The number of indexed documents is relatively small: 10s of thousands of documents, possibly low 100s of thousands of documents. Each user of the system has a certain number (10-20k) of documents recommended to them with a score given by a recommendation algorithm I'm implemented. The ordering is different for each user. What I'd like to be able to do is present results ordered by that score but using Elasticsearch to filter by category, date, feature_ids and so on.
Searches will always have at least numerical filter that should limit the maximum number of hits to 10-20k, and more usually <10k
I've tried come up with 3 approaches so far:
calculating the recommendation score on the fly via custom_score. With a simplified version of the scoring algorithm this was taking 2-3s for a search which isn't fast enough
precalculating recommendation scores (which we already do), and passing a map of {document_id => score} as the parameter to a custom_score script. That script is then very simple - basically params['score_map'][doc['id'].stringValue]
This does work but doesn't give me a very nice feeling. Each search request is pretty chunky because we have to keep sending the map od scores over. I naively expect that this would get faster when more selective filters made the result set smaller but that doesn't seem to be the case. On my development machine these searches seem to take ~150-200ms
nested documents. With this approach each document would have a number of nested documents of the form
{
user_id: 1234
score: 4567
}
I could then use a has_child filter to select those documents that are recommended for the user
I haven't yet implemented this strategy. I'm not sure however how I would sort documents by score in this strategy - would I have to use a nested query with a customer score rather than a has_child filter?
The other wrinkle in the ointment is that users' scores can of course change. And those changes need to be reflected quickly: if a user edits their preferences to say that they hate the colour red but their recommendations still show lots of red things they get frustrated. New users also need to be able to get search results quickly. This is straightforward with the first 2 approaches, but less so for the third I've had a look at the api for updates but I'm sure if I could efficiently update/remove all the nested documents for a single user and what performance impact this might have. The documentations hints at the fact that the nested documents are stored/indexed separately but it seems like this is an implementation detail that I can't access directly
Has anyone else tried something similar or have some words of wisdom on what approaches might by effective ?
Can you share the code you did so other users will benefit from it? It would be a great sample.
On Wednesday, March 7, 2012 at 5:49 PM, Frederick Cheung wrote:
On 7 Mar 2012, at 11:24, Shay Banon wrote:
The second option, does that mean that you send a map of 20k docId->score for each search request?
Yes. Yuck. I can probably cut down the map size based on filters in some cases but not all. The data for each user's map is stored as a single mongo document so I might try loading the map inside a native script rather than loading it in my app and shuttling it across to Elasticsearch.

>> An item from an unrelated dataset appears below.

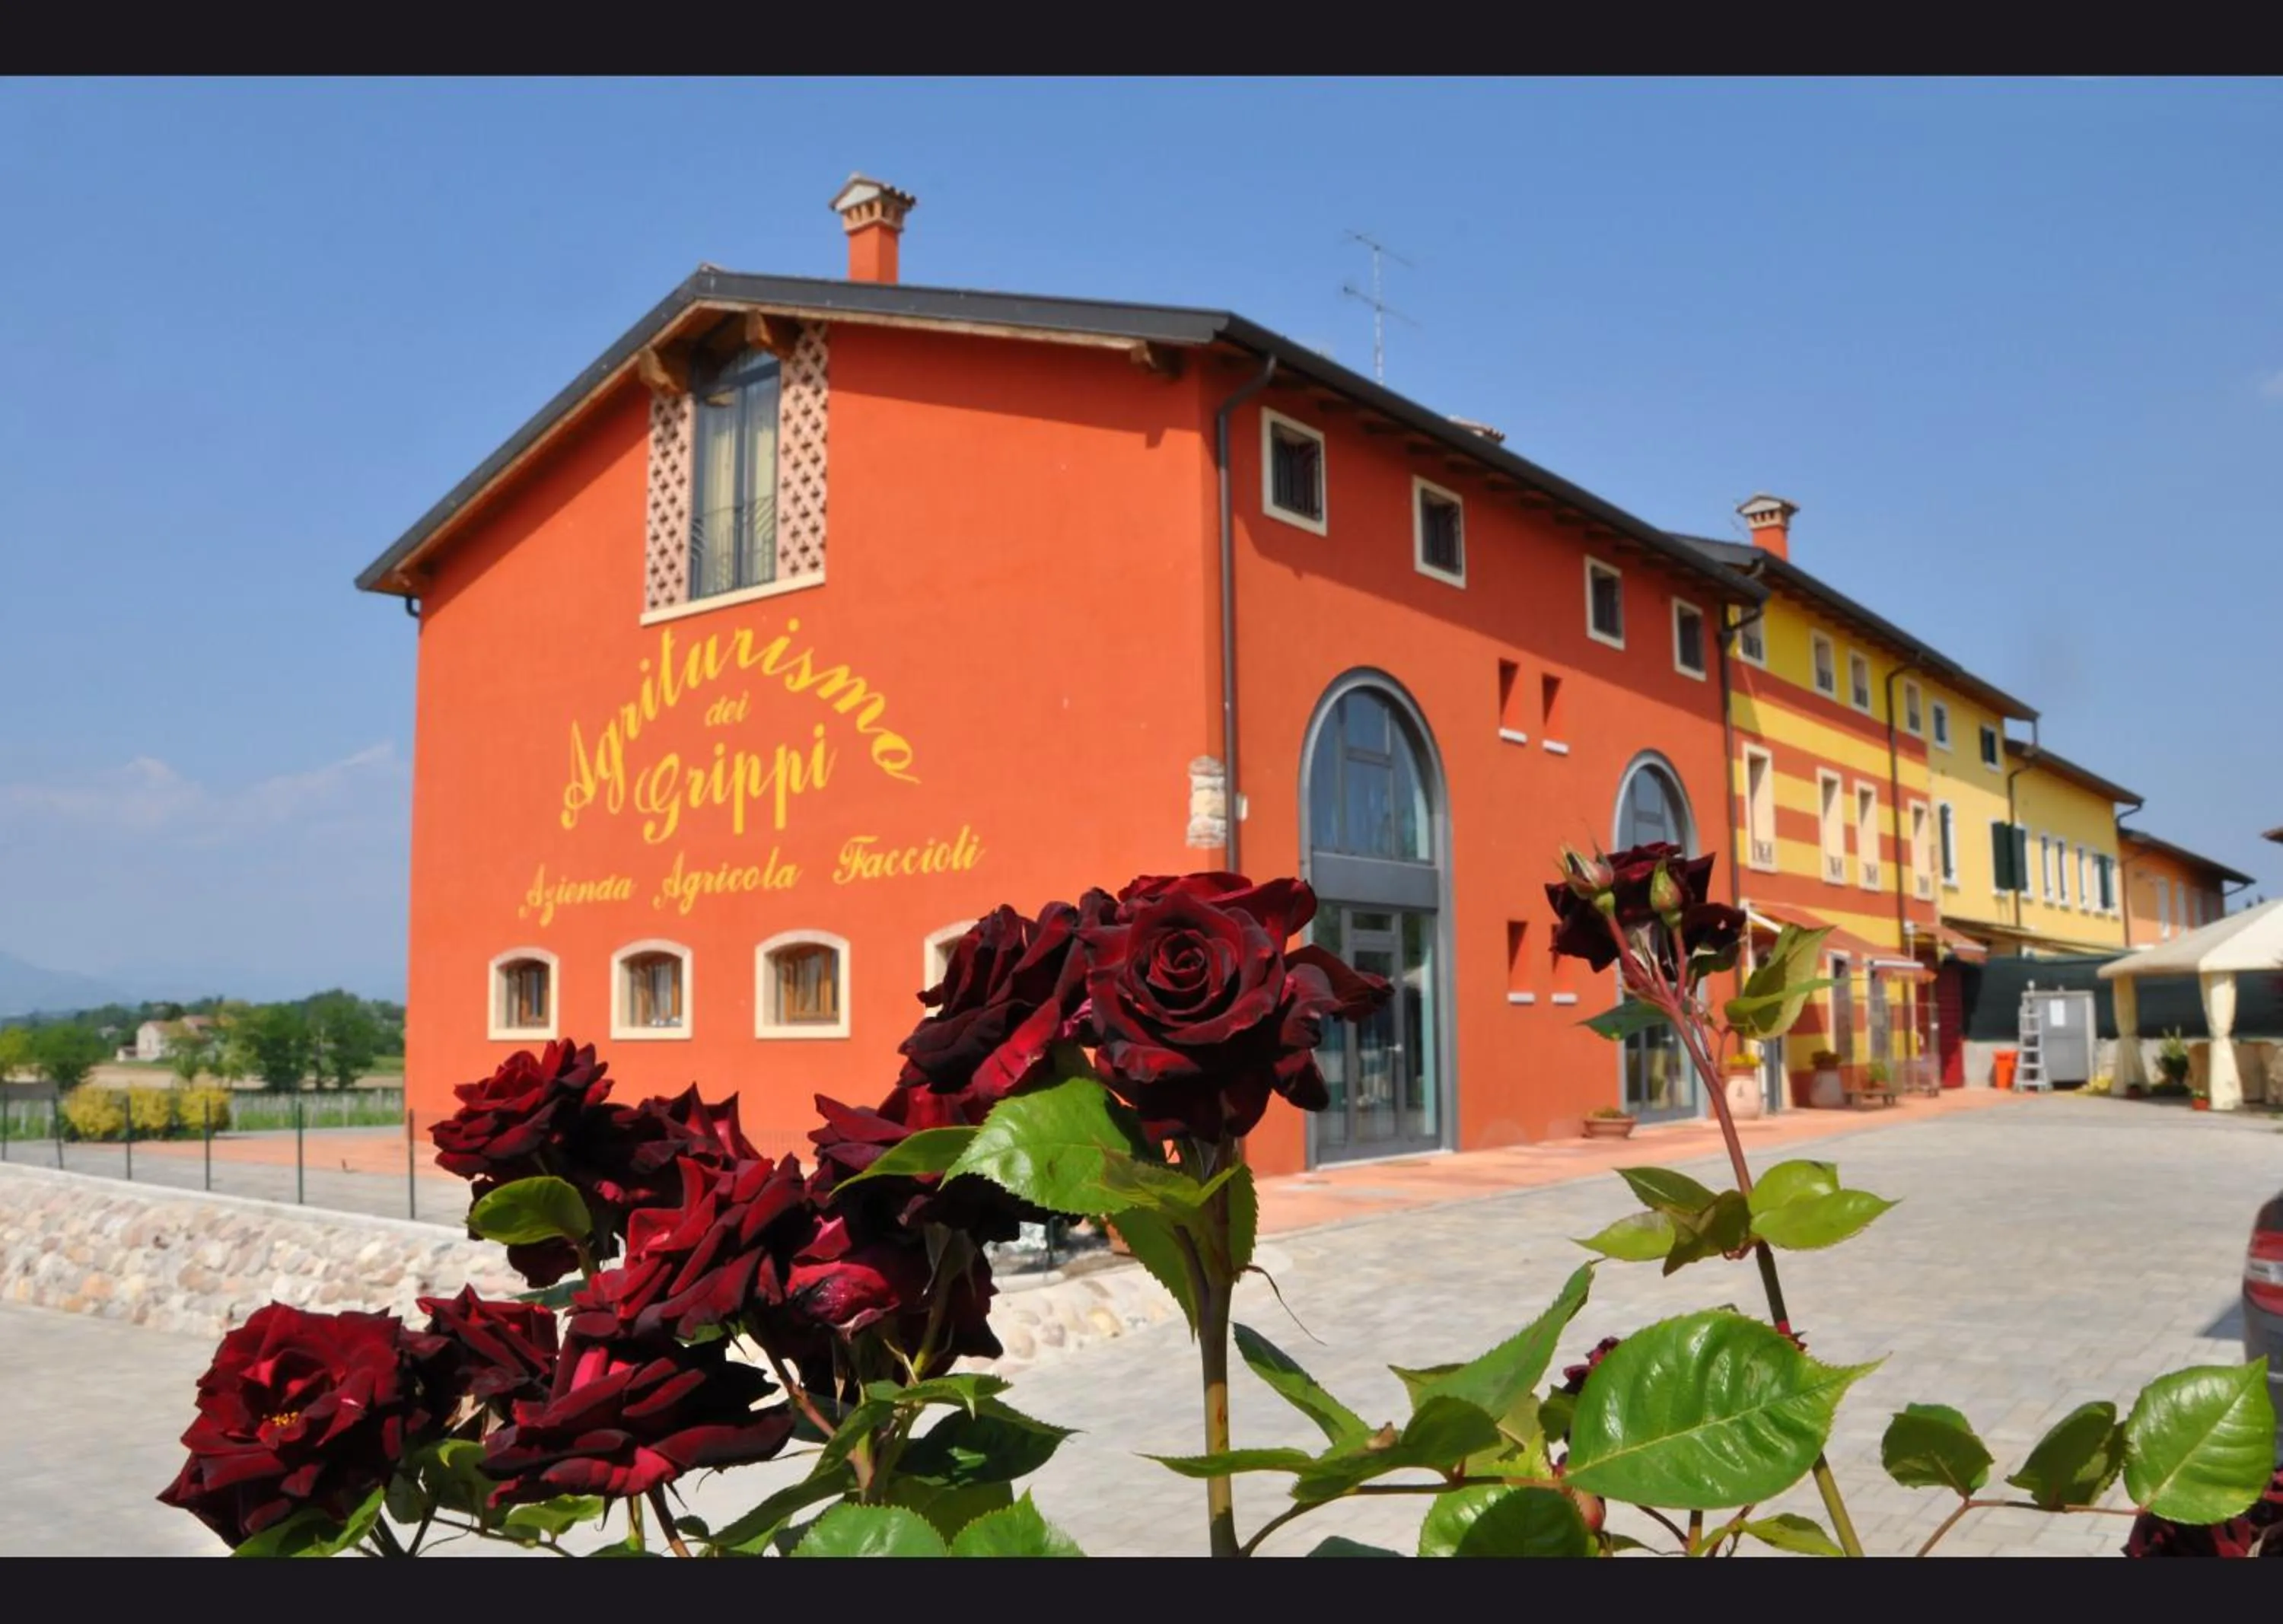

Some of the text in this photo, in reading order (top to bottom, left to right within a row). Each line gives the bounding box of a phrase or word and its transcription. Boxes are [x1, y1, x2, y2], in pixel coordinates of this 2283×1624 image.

[561, 618, 921, 830] Agriturismo
[705, 690, 749, 727] dei
[635, 724, 836, 844] Grippi
[518, 825, 985, 928] Azienda Agricola Faccioli

Still nice that it takes 150-200ms when you send all those parameters :). With the Java implementation, you could have the script cache the mentioned map (on the factory level, which is singleton in the node level). You could potentially build something that throws a failure if the map for a specific user is not there, and you can catch that failure (with a specific message), and then know that you need to send the map to reinitialize the cache. That way, you don't have to send the map each time
I've been going down that route and it is a lot, lot faster than passing the parameters each time - it didn't occur to me that so much of the elapsed time was spent handling the parameters. With a warm cache (which should occur relatively often - users very rarely view just one page) I'm getting results in around 15ms which is more than fast enough (and way faster & more flexible than our previous home grown non Elasticsearch solution).
Thanks.
Fred
.
Nested will probably won't help, since you can't sort on nested doc values...
Won't head any more down that dead-end then. Thanks.
On Tuesday, March 6, 2012 at 1:37 PM, Frederick Cheung wrote:
I'm looking at using Elasticsearch for our application. We do quite a lot of filtering on numerical attributes (for example the items have a category_id and feature_ids properties and a lot of searches will be filters requiring a certain category_id and a number of feature_ids).
The number of indexed documents is relatively small: 10s of thousands of documents, possibly low 100s of thousands of documents. Each user of the system has a certain number (10-20k) of documents recommended to them with a score given by a recommendation algorithm I'm implemented. The ordering is different for each user. What I'd like to be able to do is present results ordered by that score but using Elasticsearch to filter by category, date, feature_ids and so on.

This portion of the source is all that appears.